At the same time, in 2020, the processing of the diesel scandal suddenly started to move. At the end of February, the model declaratory action by the consumer centers against VW, which has since been made possible by politicians, ends with a settlement. Around 244,000 people benefit across all group brands, receiving between 1,350 and 6,257 euros. In May, the Federal Court of Justice delivered its first and most important judgement. The top civil judges found that VW has deceived millions of car buyers and that those affected owe damages as a matter of principle. As a result, Volkswagen will reach an agreement with more than 40,000 other individual plaintiffs by the end of 2021.

hardened fronts

Only between Myright and VW are the fronts hardened. "The willingness to defend is extremely high because there is a lot at stake for Volkswagen," speculates Myright Managing Director Sven Bode.

For a few weeks now, the young company has been able to base its claims on a supreme court judgment: On June 13, the Diesel Senate of the Federal Court of Justice ruled that a Myright lawsuit is permissible for around 2,000 Swiss VW customers.

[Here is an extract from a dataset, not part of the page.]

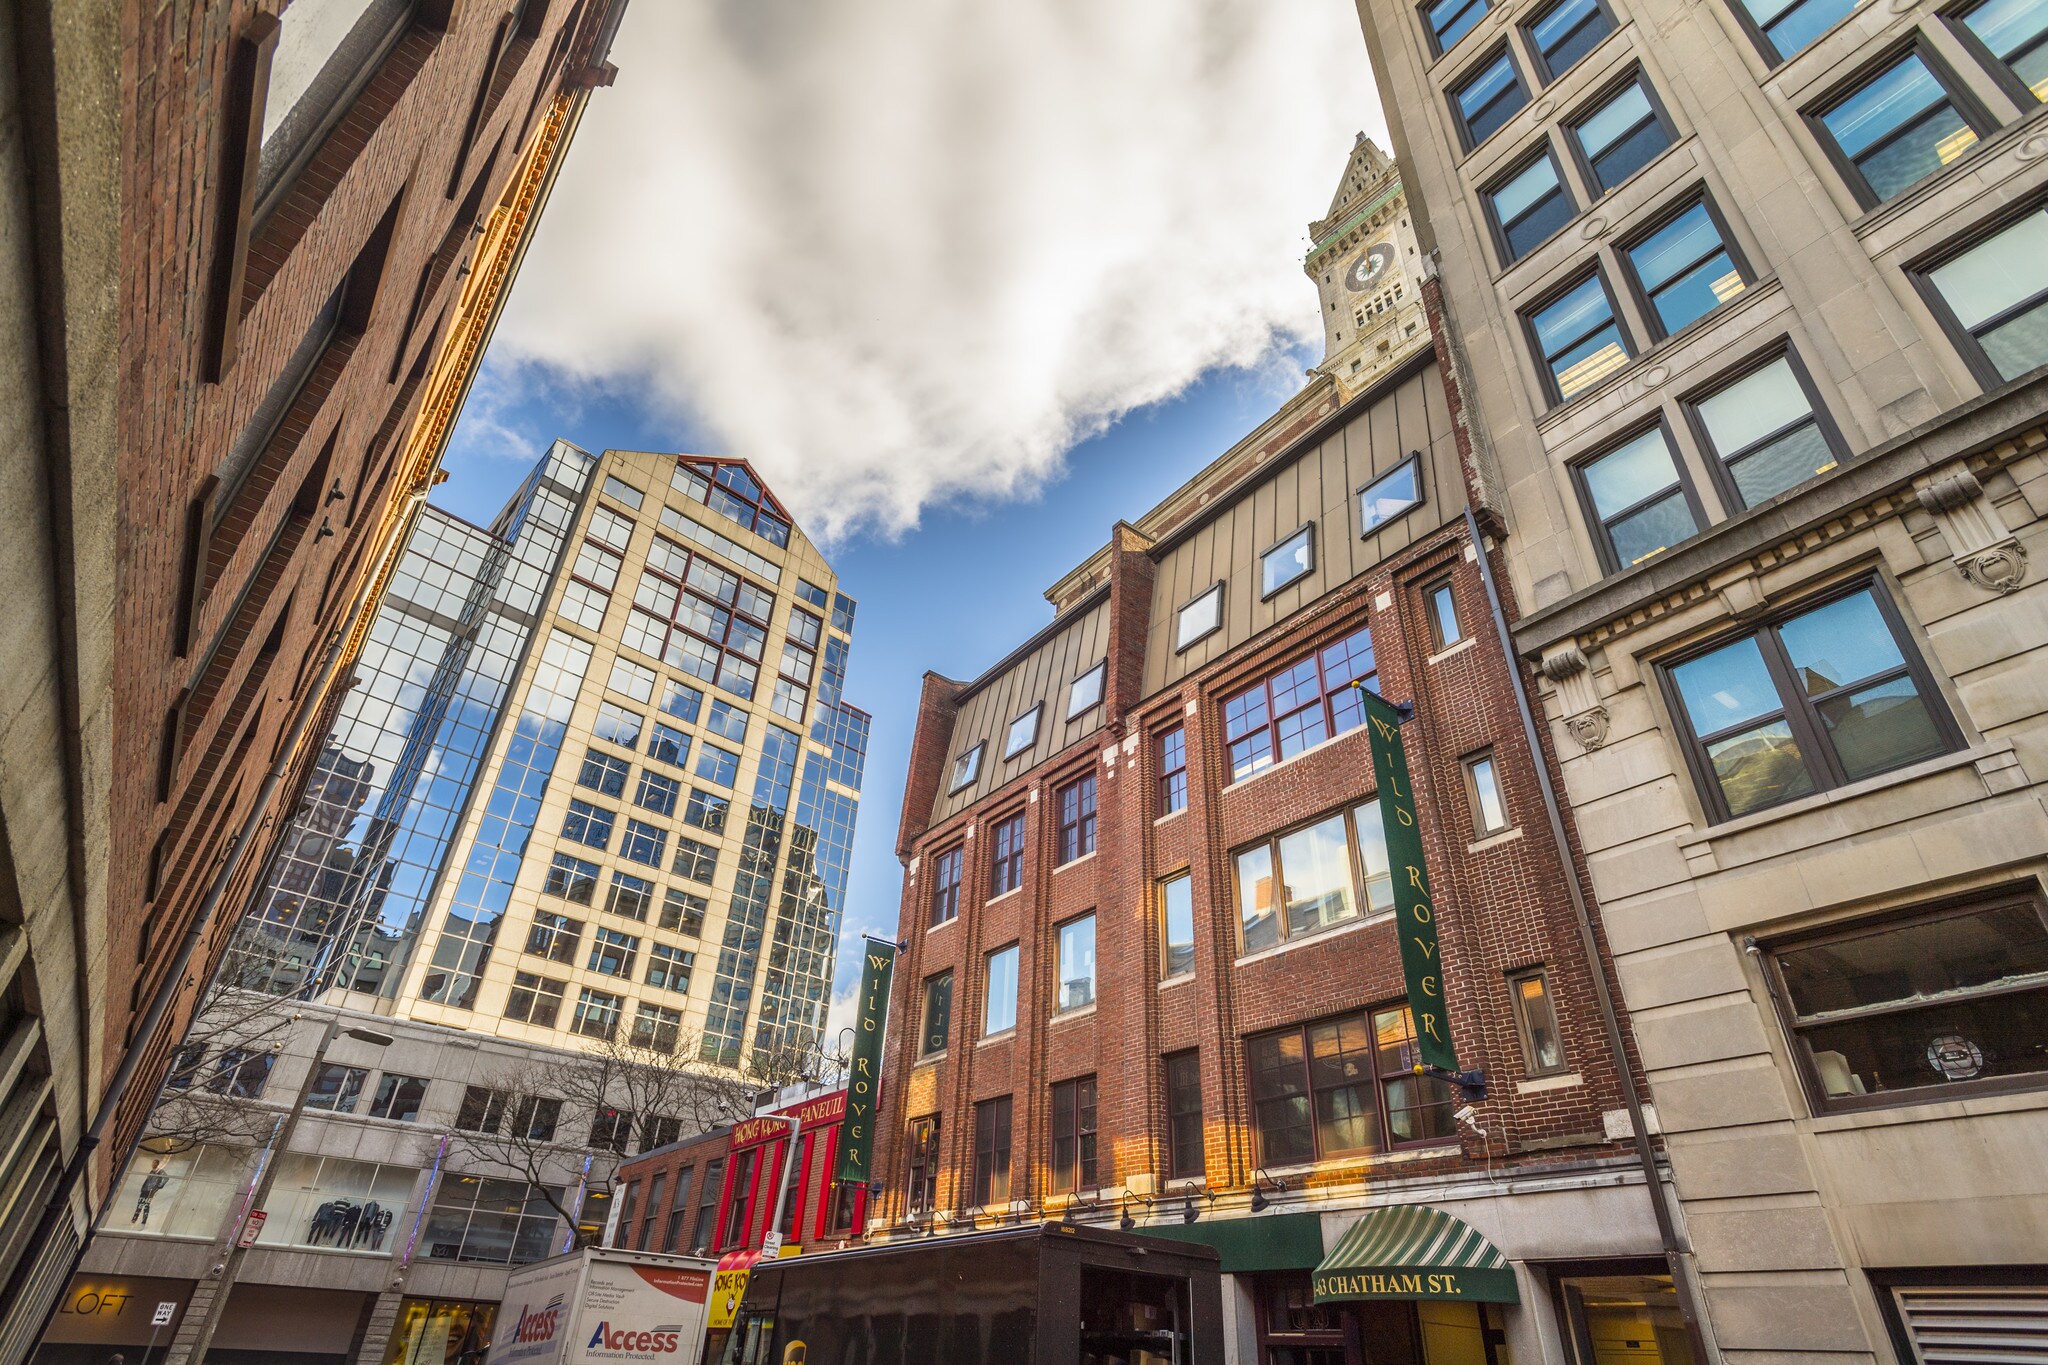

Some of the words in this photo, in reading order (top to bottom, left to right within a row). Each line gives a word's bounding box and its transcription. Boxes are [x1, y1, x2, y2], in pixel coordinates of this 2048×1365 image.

When pronouncing the case, the judges do not explicitly address the German lawsuits. But the written verdict has now been published.

It says in black and white that Myright's business model is "undoubtedly" allowed. According to the judges, this has actually been clear since a judgment by colleagues from the Second Civil Senate in July 2021. At that time it was about the insolvency of Air Berlin, a service provider demanded the money back for seven customers for flights that had already been paid for. According to the Dieselsenat, nothing else applies to the "mass bundling" of claims, as practiced by Myright.

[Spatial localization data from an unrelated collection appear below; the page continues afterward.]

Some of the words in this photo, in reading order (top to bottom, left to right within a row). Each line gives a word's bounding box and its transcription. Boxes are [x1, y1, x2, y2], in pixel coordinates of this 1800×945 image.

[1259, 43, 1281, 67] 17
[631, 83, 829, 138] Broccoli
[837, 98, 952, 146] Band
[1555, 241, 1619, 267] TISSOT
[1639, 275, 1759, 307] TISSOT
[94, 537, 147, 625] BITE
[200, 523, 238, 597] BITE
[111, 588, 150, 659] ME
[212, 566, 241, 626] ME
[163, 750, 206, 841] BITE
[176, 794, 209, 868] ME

There is also no evidence "that the plaintiff initiated unjustified lawsuits to a considerable extent from the outset". For those affected by the emissions scandal, the BGH judges even see "considerable advantages": Myright's involvement "resulted in a significant improvement in the negotiating position of the individual clients" vis-à-vis VW, "because only by bundling the claims of several thousand claimants can an economic Equilibrium (...) has been achieved".

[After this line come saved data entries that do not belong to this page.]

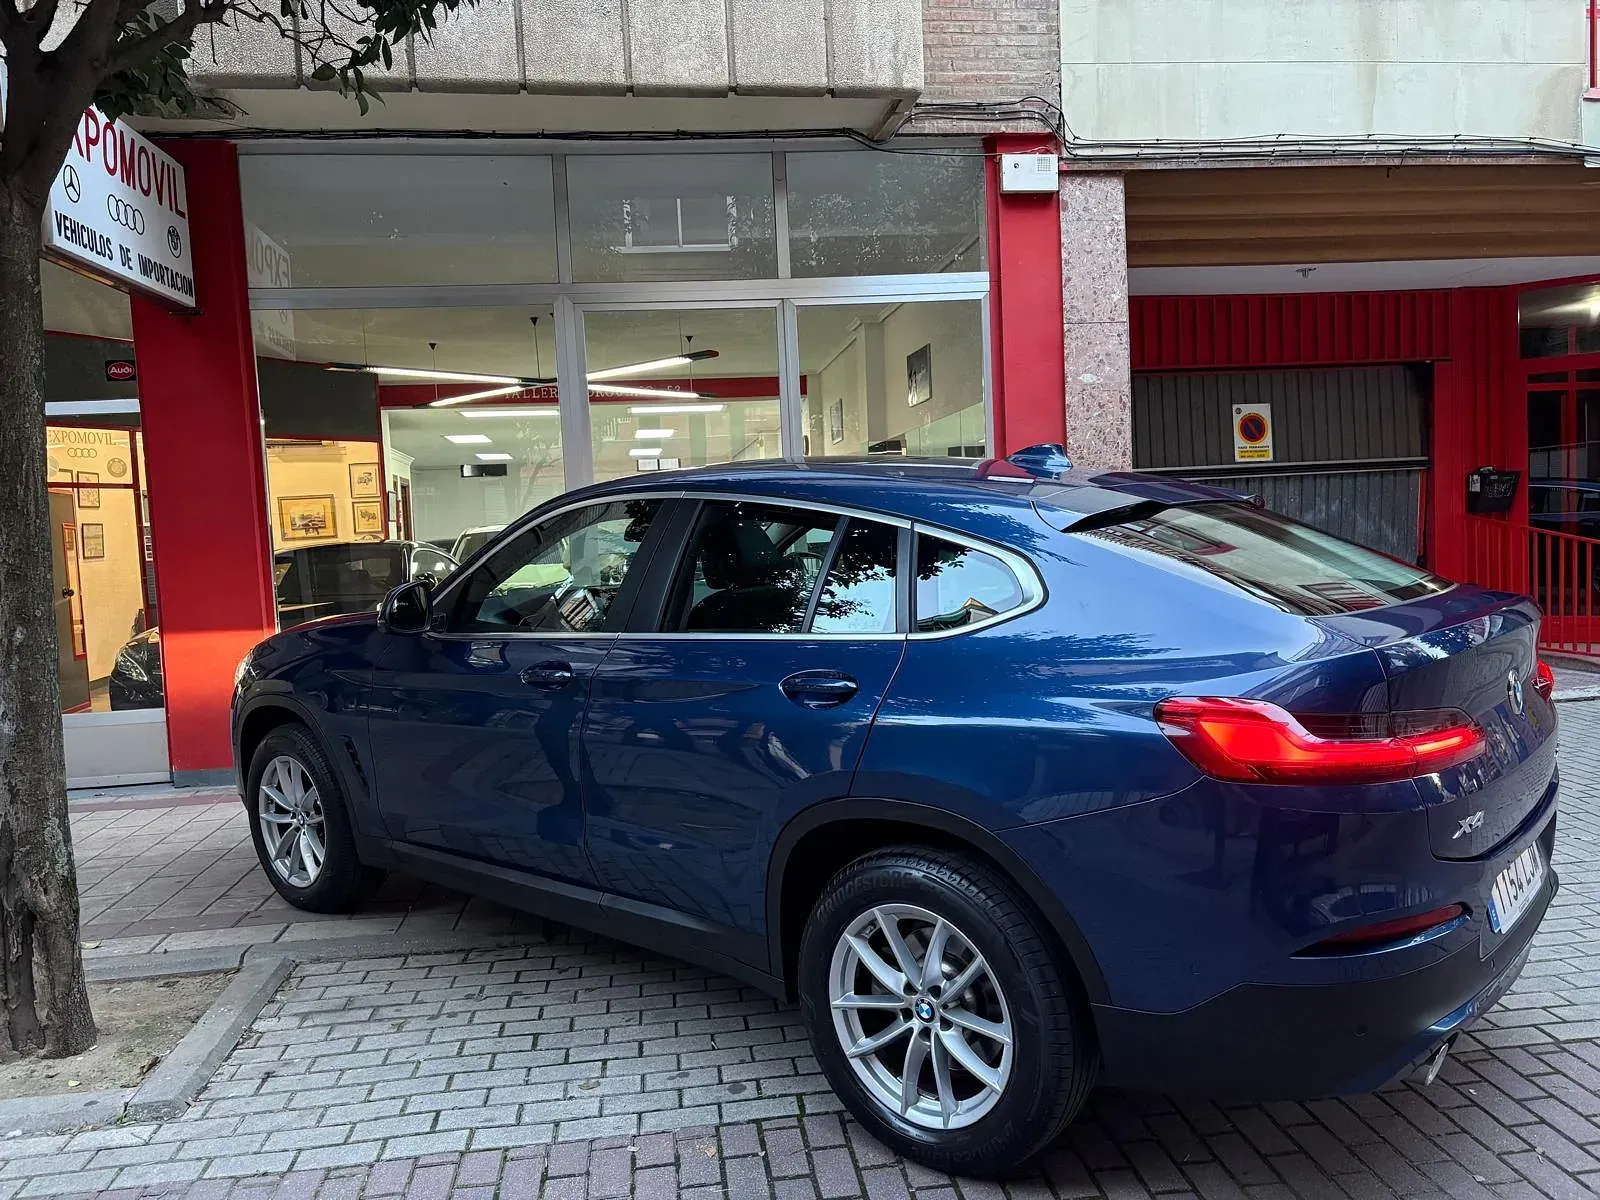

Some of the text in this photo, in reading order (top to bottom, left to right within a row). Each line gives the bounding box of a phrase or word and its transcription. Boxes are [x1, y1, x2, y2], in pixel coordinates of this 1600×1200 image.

[54, 210, 114, 262] VEHICULOS
[119, 243, 134, 271] DE
[138, 253, 194, 299] IMPORTACION
[110, 366, 132, 374] Audi
[1452, 810, 1485, 839] X4
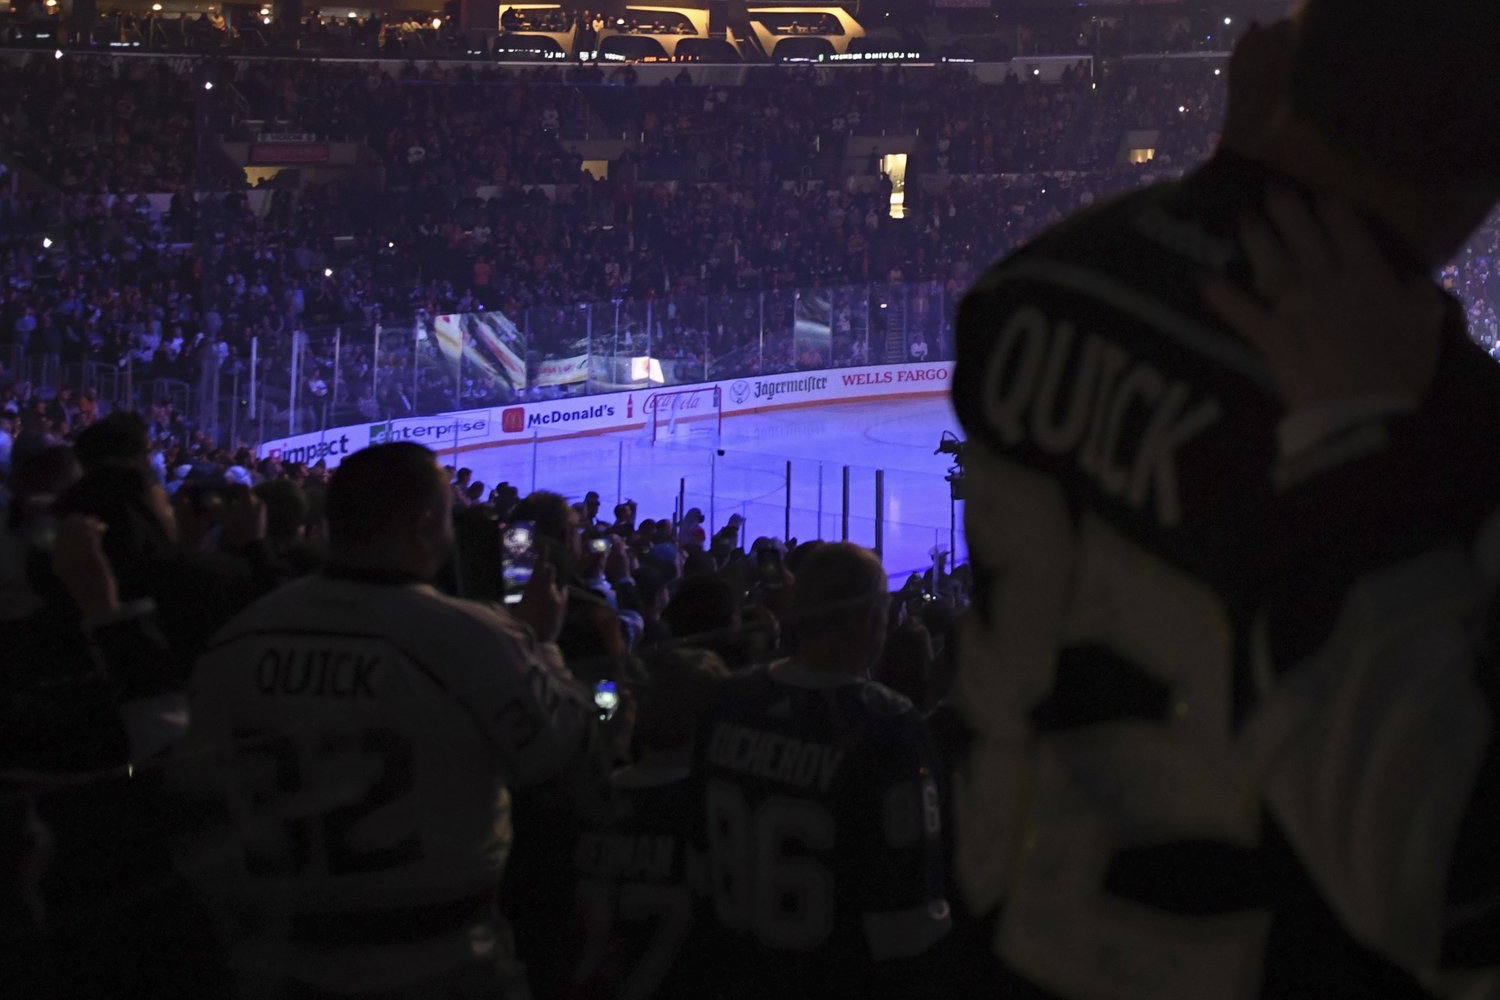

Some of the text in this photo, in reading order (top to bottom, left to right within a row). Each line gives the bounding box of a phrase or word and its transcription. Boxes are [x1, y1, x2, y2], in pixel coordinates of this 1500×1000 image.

[754, 377, 828, 400] Jägermeister
[842, 368, 948, 387] WELLS FARGO
[527, 404, 614, 429] McDonald's
[985, 304, 1220, 528] QUICK
[281, 434, 349, 464] impact
[255, 648, 382, 699] QUICK
[705, 778, 836, 951] 86

VW Chief Legal Officer Manfred Döss was "very surprised by the verdict" in the "Neue Zürcher Zeitung" (NZZ) at the end of June. Regarding the procedure after the precise analysis, he said: "If it is likely that the customer will be awarded appropriate damages in the further proceedings, we will make a corresponding payment to the plaintiffs in advance, as in the past."

That seems off the table now. "Myright would first have to create a reliable factual basis for any economic agreements," says VW. "There is currently no such reliable basis." The factual presentation contained "countless gaps, contradictions and discrepancies". Therefore, the courts would "now have to deal with the individual claims".

Myright boss: VW wants to play for time

For Myright boss Bode there is something else behind it. "VW is trying to play for time and drag out class action lawsuits." Because in itself it is about "classic" diesel cases in which customers have bought a car with the VW scandal engine EA189. This was indisputably manipulated in such a way that exhaust gas limits were only met in tests.

This is unfortunate for those affected. Because according to the case law of the BGH, the use of the car is to be deducted from the compensation - if you continue to drive it for years, you may get nothing.

Myright is now trying things differently: The company has begun to separate individual proceedings from the class action lawsuits and to make them pending in all possible district courts nationwide. According to Bode, 150 to 300 cases are added every week. This should ensure faster processing. However, there is not much left of the original idea of ​​class action lawsuits.